Segment Open

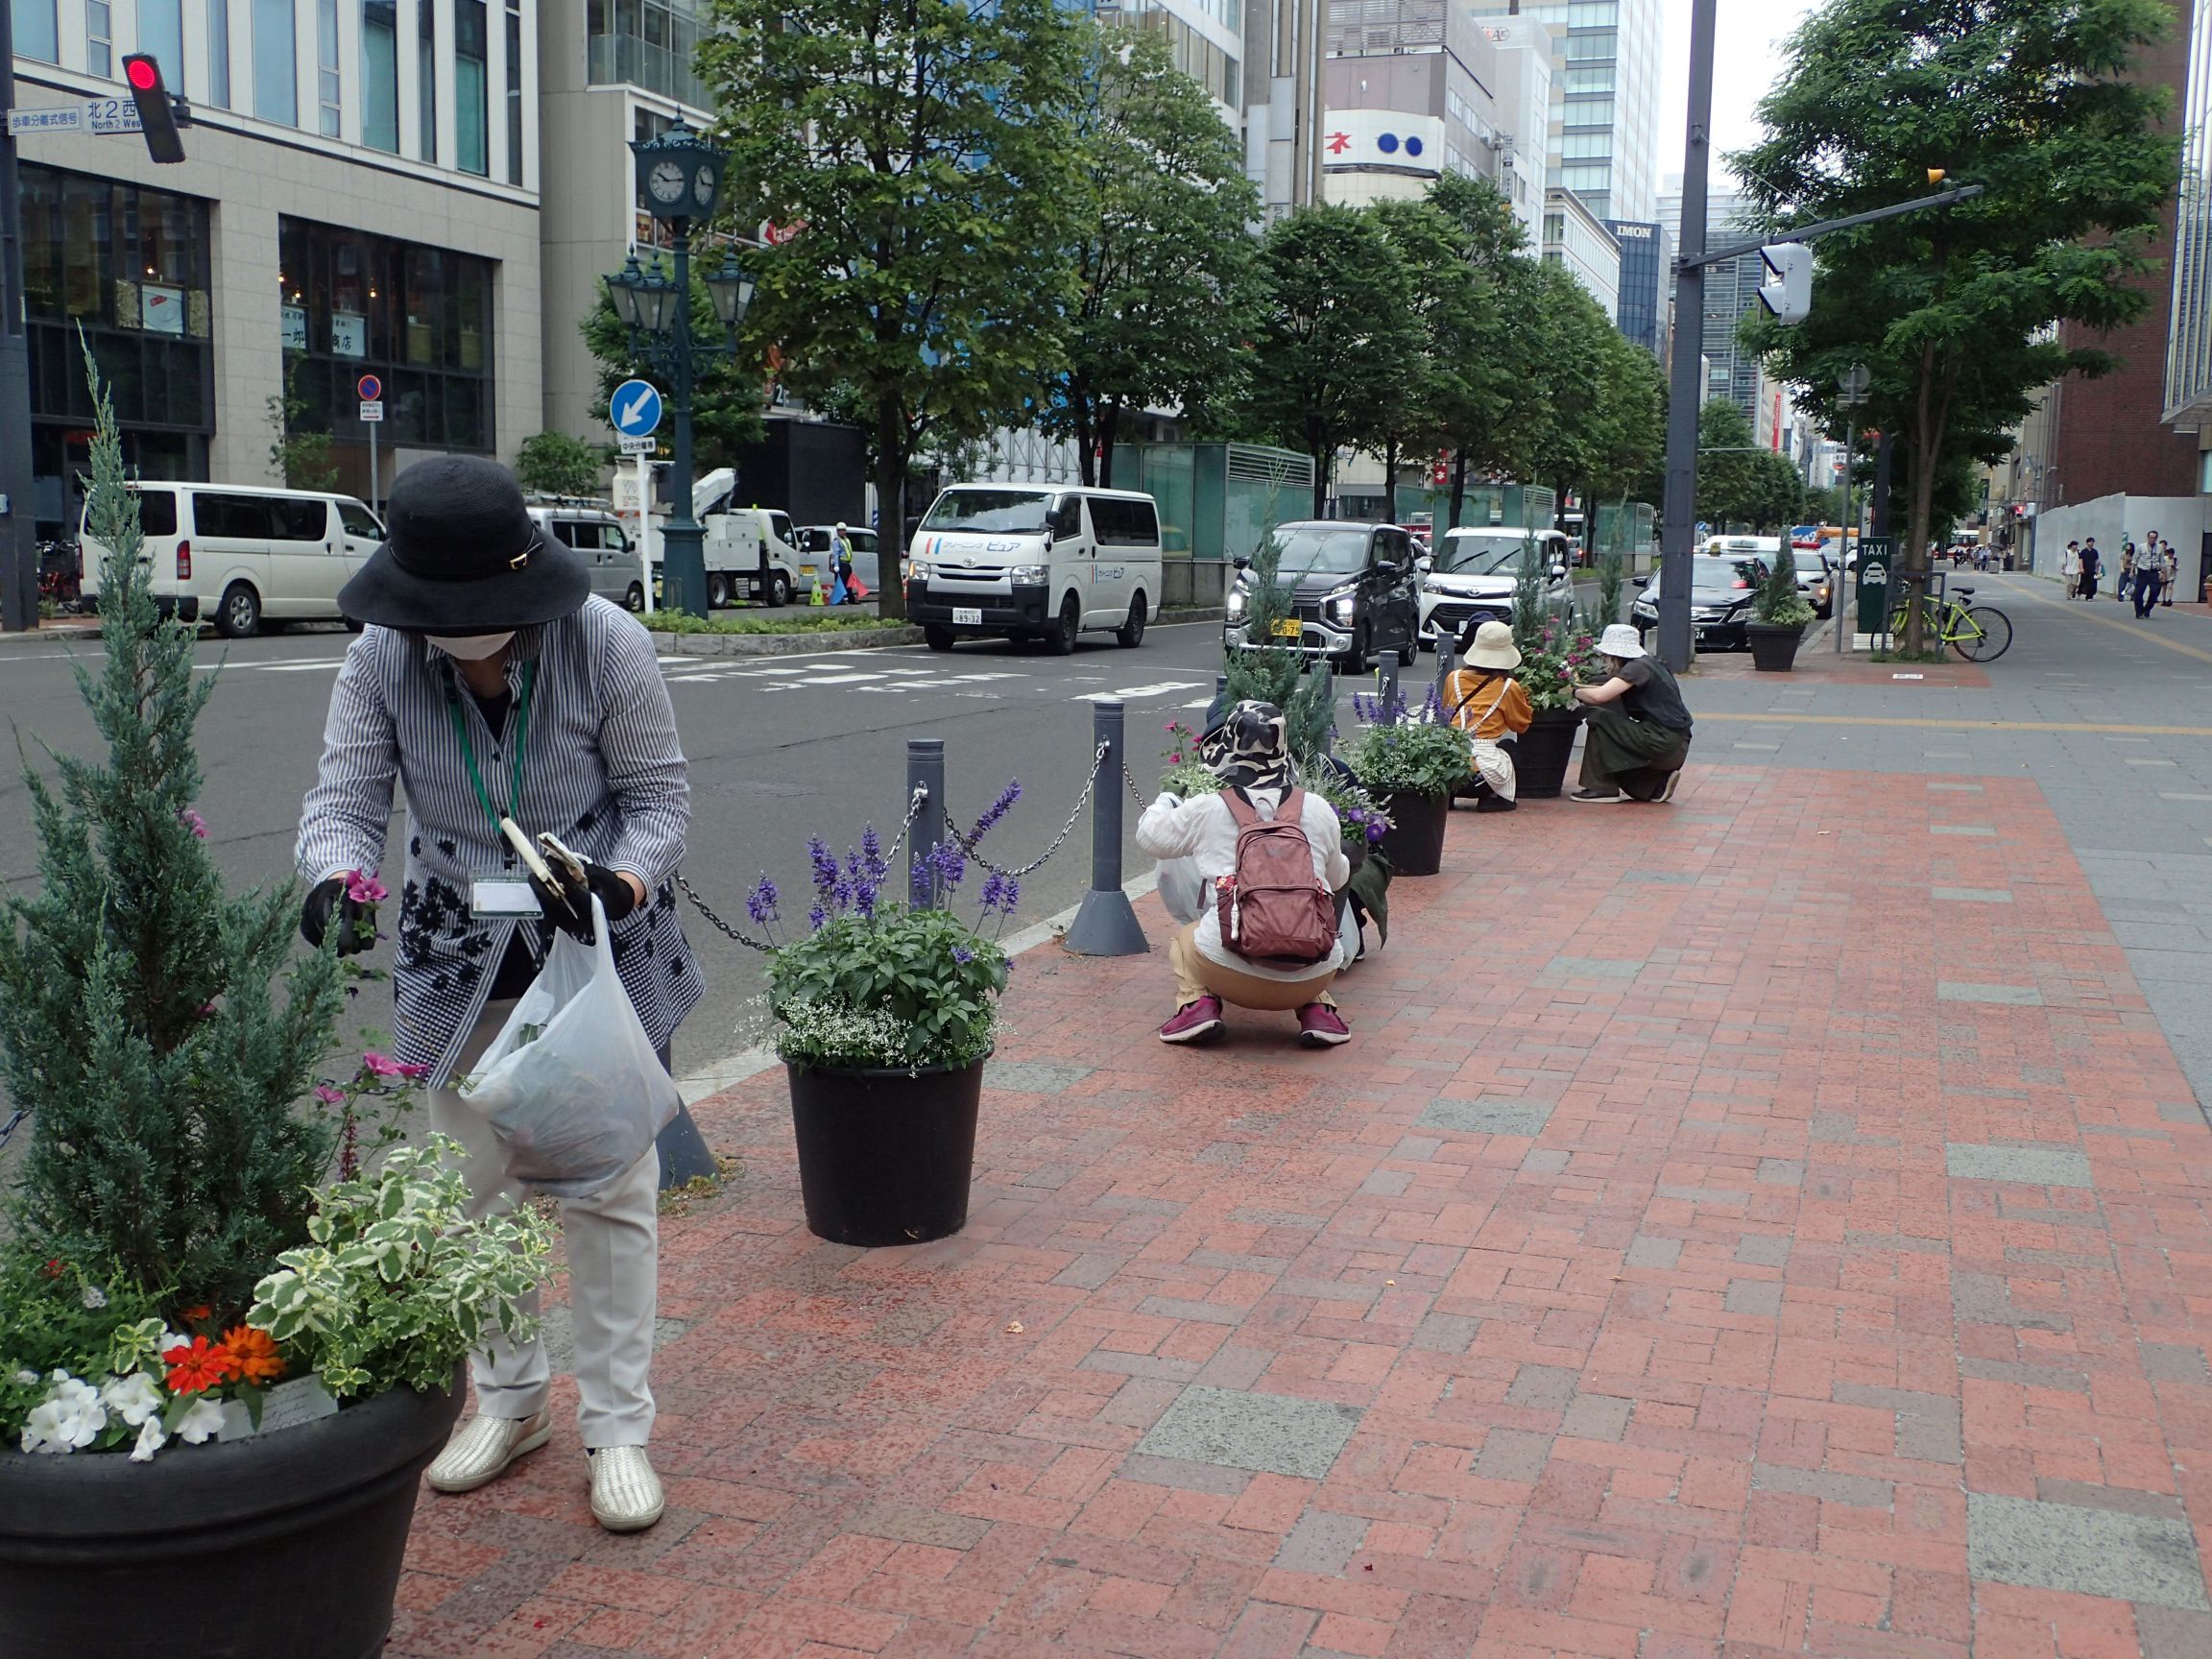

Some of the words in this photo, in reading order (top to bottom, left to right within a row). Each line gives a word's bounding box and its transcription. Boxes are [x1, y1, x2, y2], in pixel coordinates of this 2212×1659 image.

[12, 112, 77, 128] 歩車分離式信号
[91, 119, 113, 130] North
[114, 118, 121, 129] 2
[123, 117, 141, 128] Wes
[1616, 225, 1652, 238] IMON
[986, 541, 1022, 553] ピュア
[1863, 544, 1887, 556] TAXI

Segment Closed

Your task is to repeat the records exactly. Images do not belong in the copy.

Some of the words in this photo, in reading order (top to bottom, left to right within a row). Each line gives a word's bounding box and its transcription. Boxes are [x1, y1, x2, y2], in pixel coordinates of this 2212×1659 image.

[12, 112, 77, 128] 歩車分離式信号
[91, 119, 113, 130] North
[114, 118, 121, 129] 2
[123, 117, 141, 128] Wes
[1616, 225, 1652, 238] IMON
[986, 541, 1022, 553] ピュア
[1863, 544, 1887, 556] TAXI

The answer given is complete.